Although the merger would increase competition for telephone service it
may kill competition for internet service. Will customers still sign up
for internet service from a traditional ISP over the current telephone
wire at a maximum speed of 56k? Ok, I know it is really only about 53k
and that there are ways of combining two modems.
Further, how can the ISPs even connect the customer if the consumer
terminates the "plain ol' telephone" line (POTS in the lingo) in favor
of telephone service carried over the high speed cable connection? It can't.
Not unless the cable company is required to open its lines to use by its
own competitors. Does some of this sound familiar?
Although federal legislation has almost relieved local government entities
of any control over cable television rates, the cities still control access
to streets and public rights of way.

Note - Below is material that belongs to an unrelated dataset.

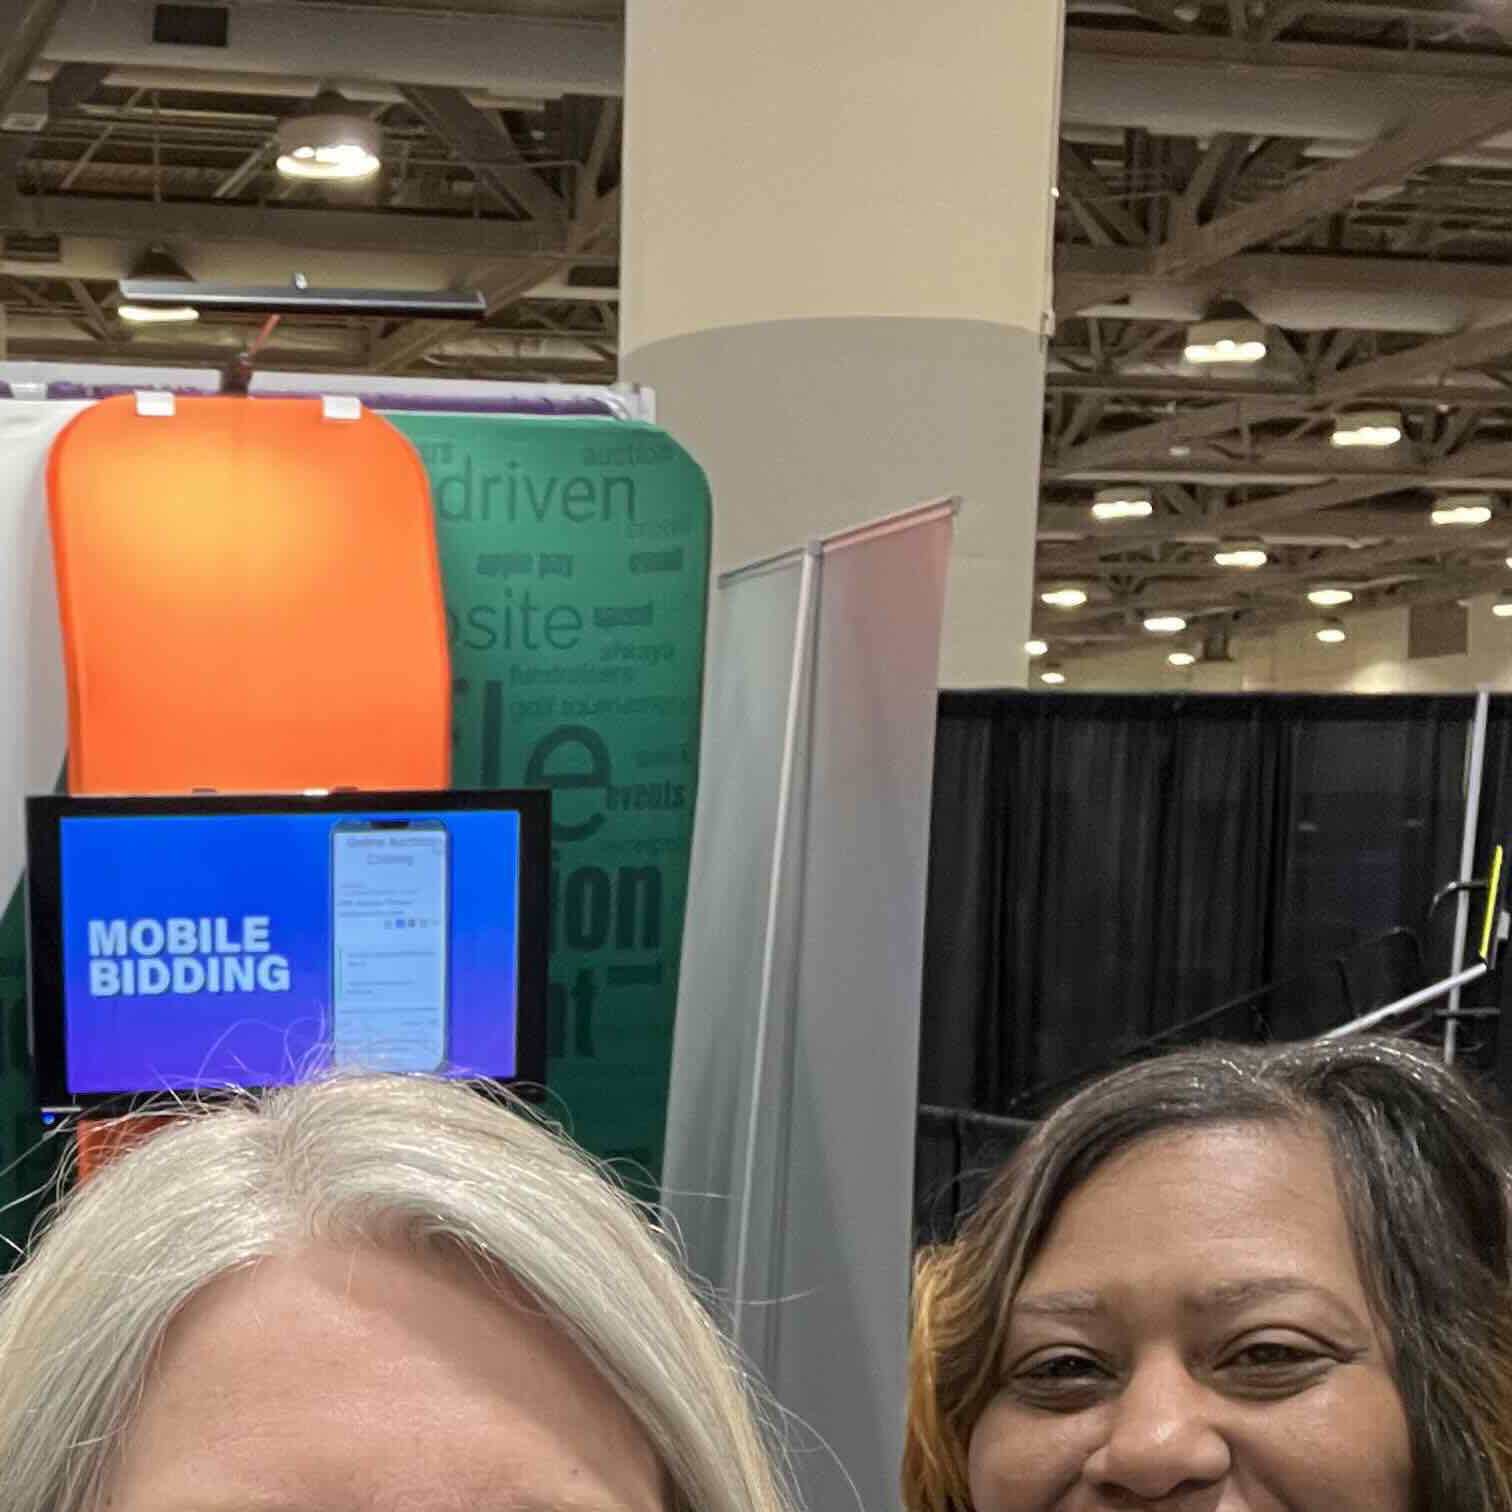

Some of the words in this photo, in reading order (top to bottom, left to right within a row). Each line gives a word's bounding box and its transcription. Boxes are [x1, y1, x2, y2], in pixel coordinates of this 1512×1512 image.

[439, 455, 635, 523] driven
[88, 915, 271, 957] MOBILE
[89, 956, 290, 998] BIDDING

In San Antonio CPS, SAWS, Paragon
Cable and SBC hold these types franchise agreements.
The right to use the streets then becomes a very valuable bargaining
chip at the local level. AT&T won't be able to get into the homes without
using the streets. That is how Portland, Oregon and Oakland, California
got involved. The various local governments must approve the assignment
of TCI's franchise agreements to AT&T. The "franchise" is the contractual
permission to use the public right of way. Generally, a clause in the agreement
restricts the privilege to the particular holder. Any transfer to a new
operator requires approval by the city. Consumer advocates in some of those
areas have opposed the assignment of the franchise unless AT&T agrees
to open the cable to competing ISP's. Portland voted to deny consent to
the assignment in early January. C|net reported the story on January 5,
1999 at http://www.news.com/News/Item/0,4,30508,00.html?st.ne.ni.rel.
C\net also indicates that similar decisions are pending in Dallas and Denver.

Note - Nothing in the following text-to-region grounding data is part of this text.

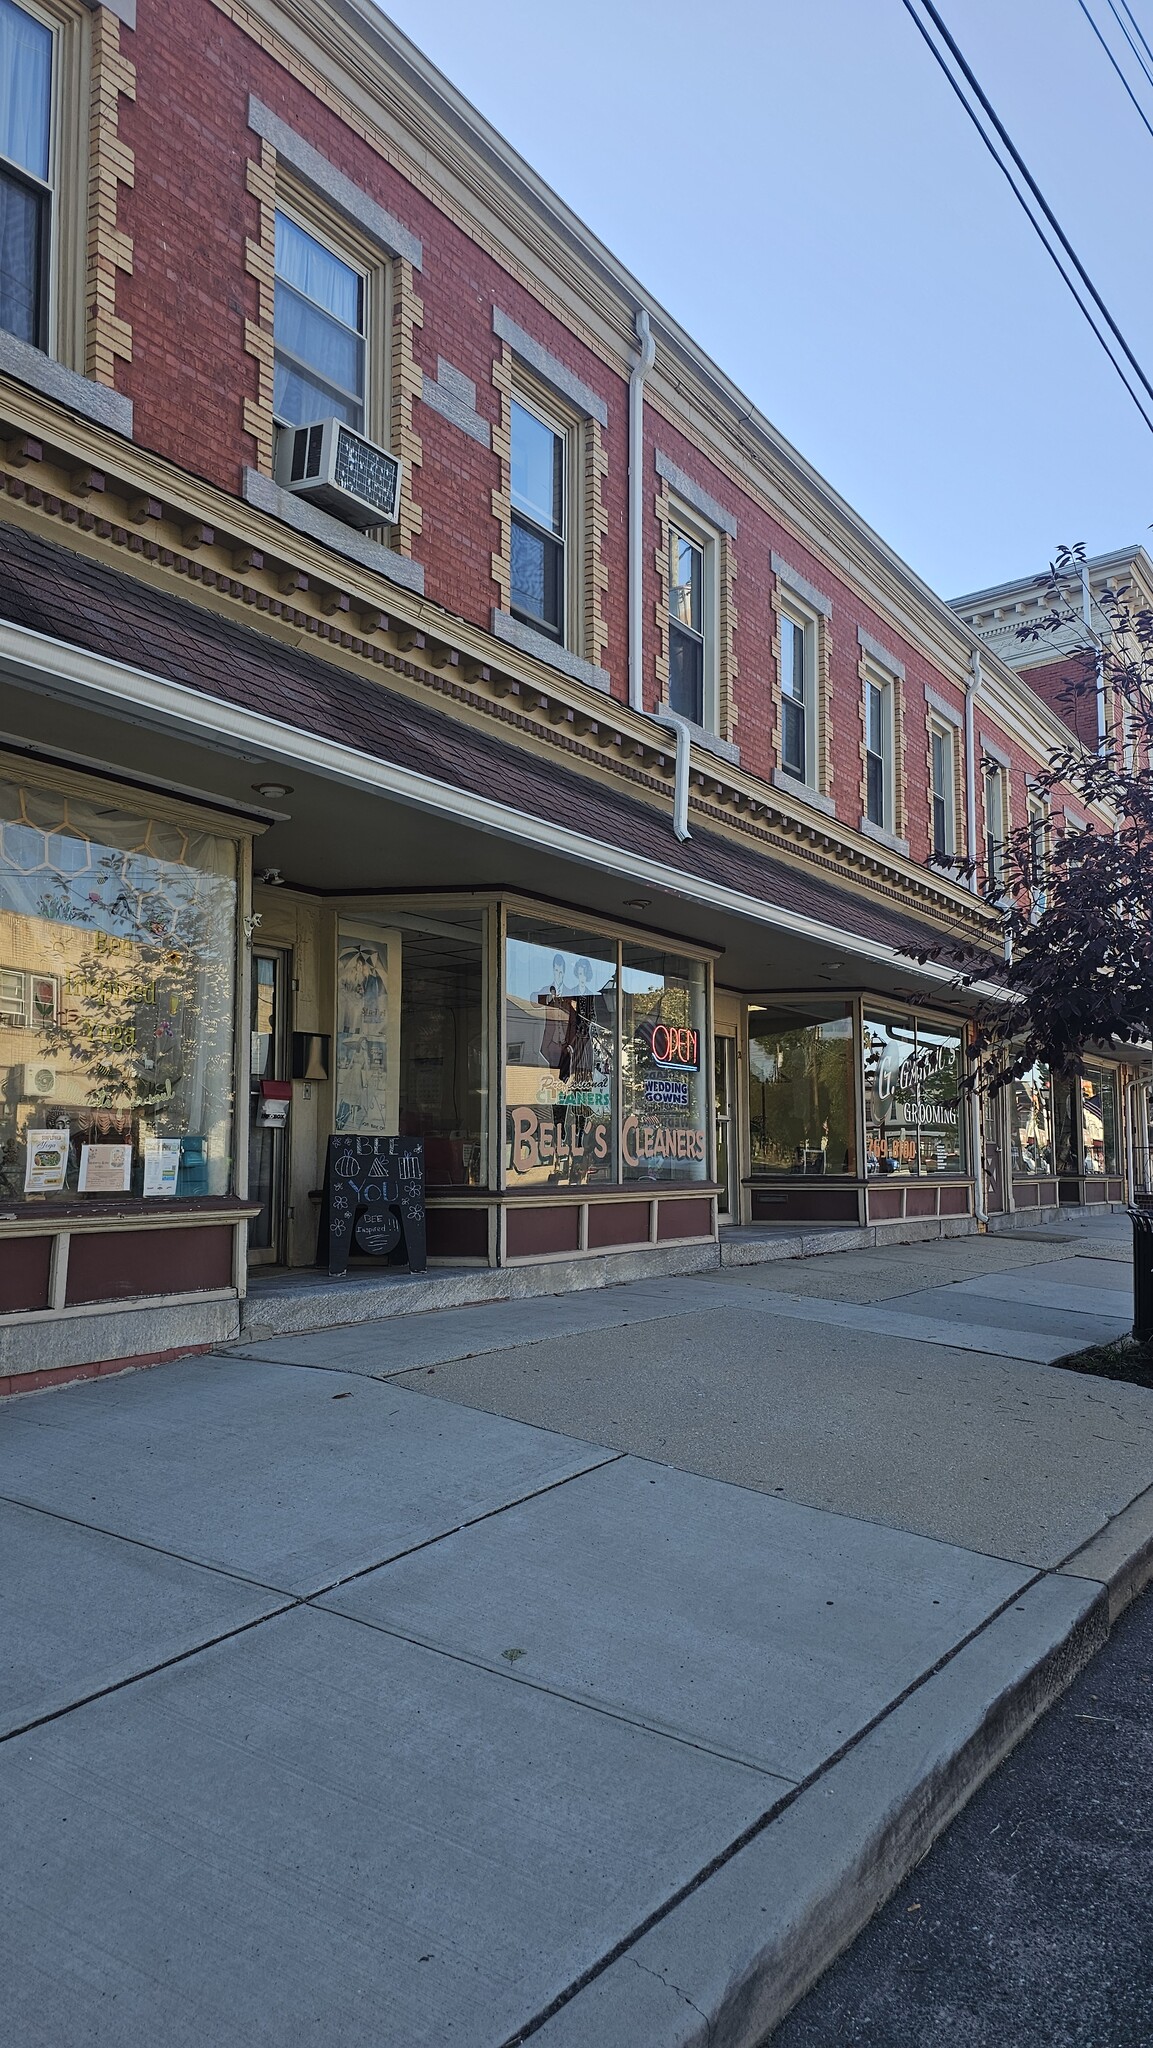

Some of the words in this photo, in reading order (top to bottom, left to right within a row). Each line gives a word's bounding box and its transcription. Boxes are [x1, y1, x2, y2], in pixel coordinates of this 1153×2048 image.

[81, 1018, 137, 1053] Yoga
[652, 1024, 697, 1065] OPEN
[541, 1074, 609, 1092] Professional
[645, 1080, 688, 1095] WEDDING
[536, 1090, 609, 1106] CLEANERS
[645, 1092, 688, 1105] GOWNS
[904, 1102, 957, 1125] GROOMING
[356, 1136, 399, 1156] BEE
[512, 1106, 606, 1173] BELL'S
[622, 1115, 704, 1168] CLEANERS
[347, 1179, 400, 1203] YOU
[363, 1214, 384, 1223] BEE
[356, 1223, 386, 1235] Inspired

Law Site of the Month: February 1999
Would you believe an on-line mediation service? That is one aspect of the
Center for Information Law and Policy that can be found at its websitehttp://www.law.vill.edu/.
The Center is a collaboration between Villanova University School of Law
and Illinois Institute of Technology's Chicago-Kent College of Law. Other
parts of the site provide links to federal and state judicial resources
(opinions and background information), International Legal developments
(such as on-line voting in Costa Rica) and a "law library."

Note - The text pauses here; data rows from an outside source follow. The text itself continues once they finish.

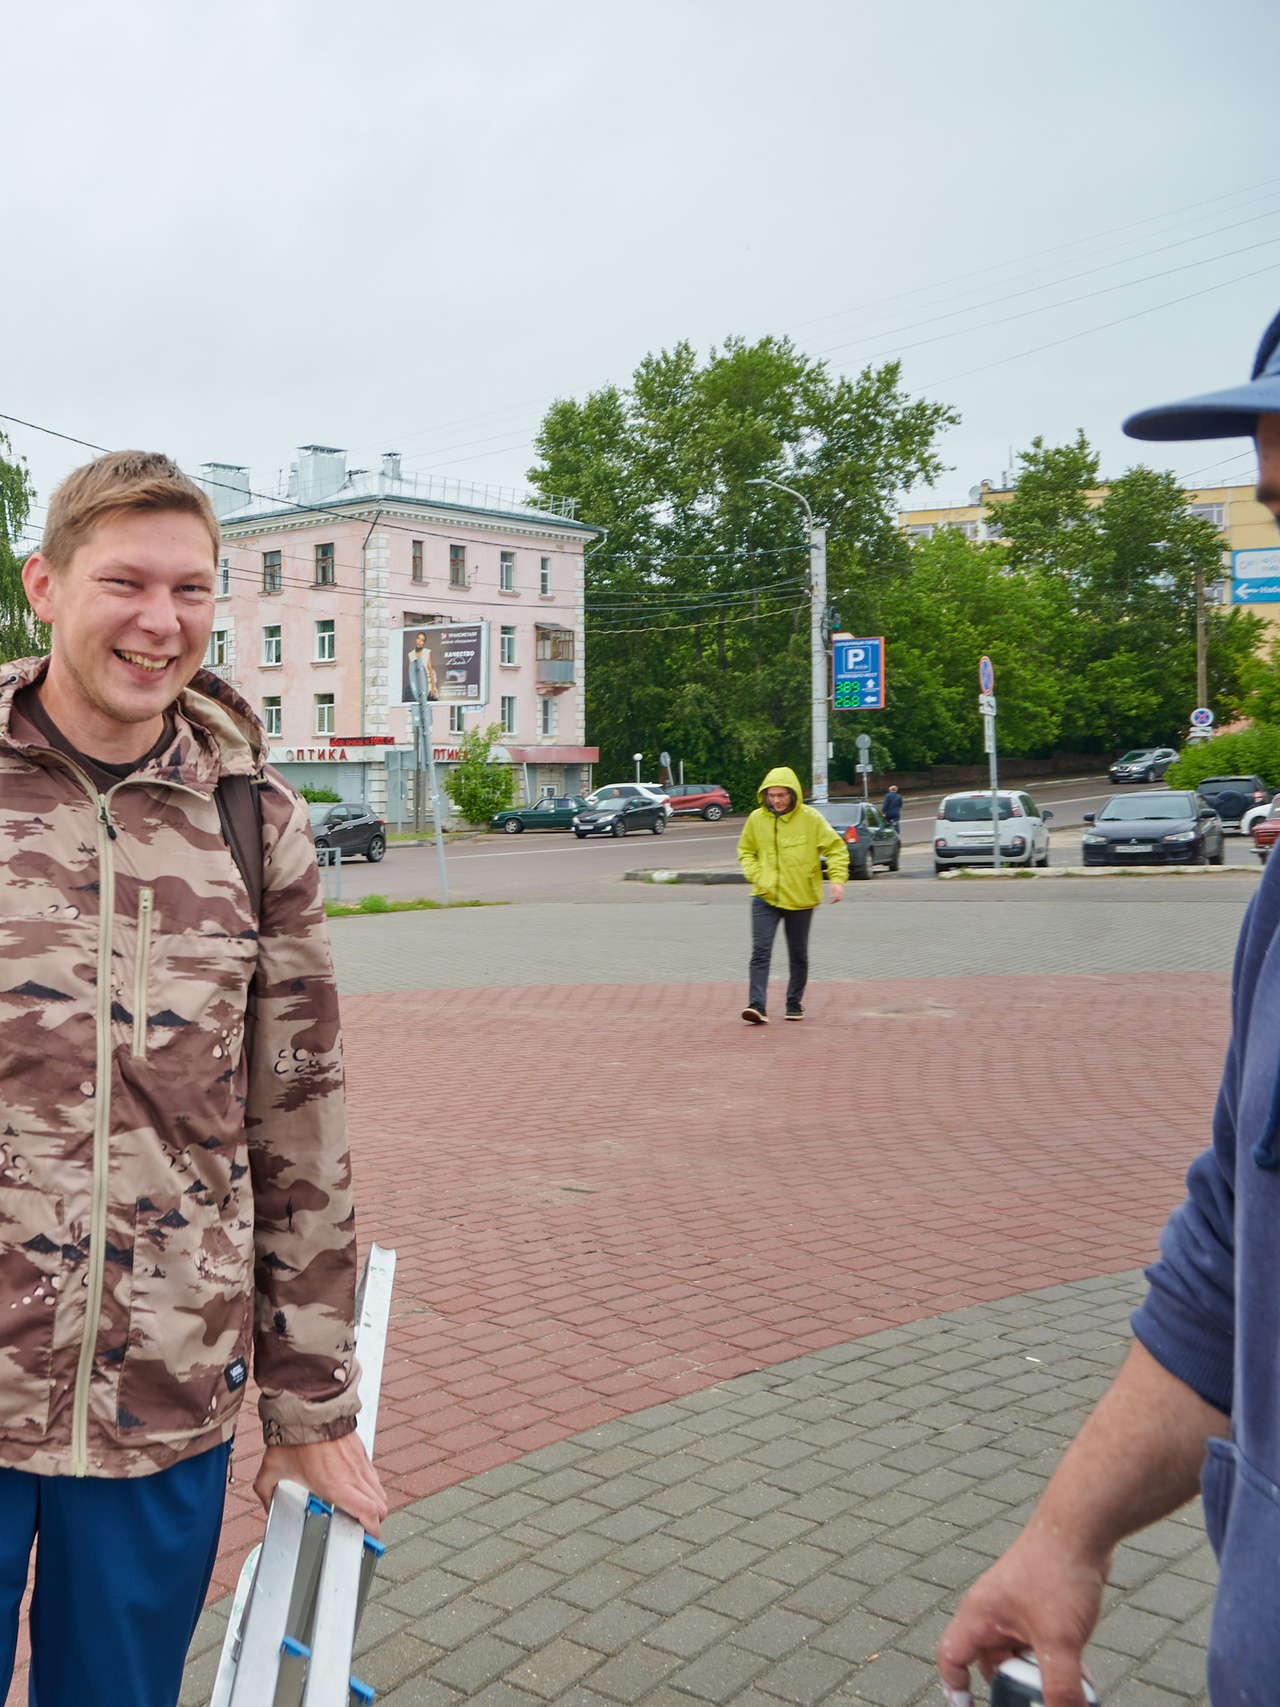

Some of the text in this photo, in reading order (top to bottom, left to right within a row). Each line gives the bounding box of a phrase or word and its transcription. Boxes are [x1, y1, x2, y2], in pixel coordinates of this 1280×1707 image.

[444, 650, 475, 658] КАЧЕСТВО
[847, 649, 865, 670] P
[836, 681, 860, 693] 389
[835, 695, 860, 707] 268
[286, 748, 348, 761] ОПТИКА

The two institutions are experimenting with combining new technology
with important aspects of the practice of law and of government. The use
of professional mediators that will conduct on-line "hearings" and render
a decision within seventy-two hours is intriguing. Before you get too excited
you should understand the service is limited to certain subject mater-such
as disputes involving "users of on-line systems; Those who claim to be
harmed by wrongful messages; and system operators (to the extent that complaints
or demands for remedies are directed at the System Operator)."
It may be a while before child support or bad debt cases are handled
electronically, but things are happening faster than many of us ever envisioned.
When I started practice nineteen years ago virtually all legal documents
were prepared on a typewriter. At that time it was not an electric typewriter
in some offices! I still remember a salesman trying to convince me to buy
a magnetic card reader rather than an IBM Selectric typewriter even though
the difference was more than ten thousand dollars.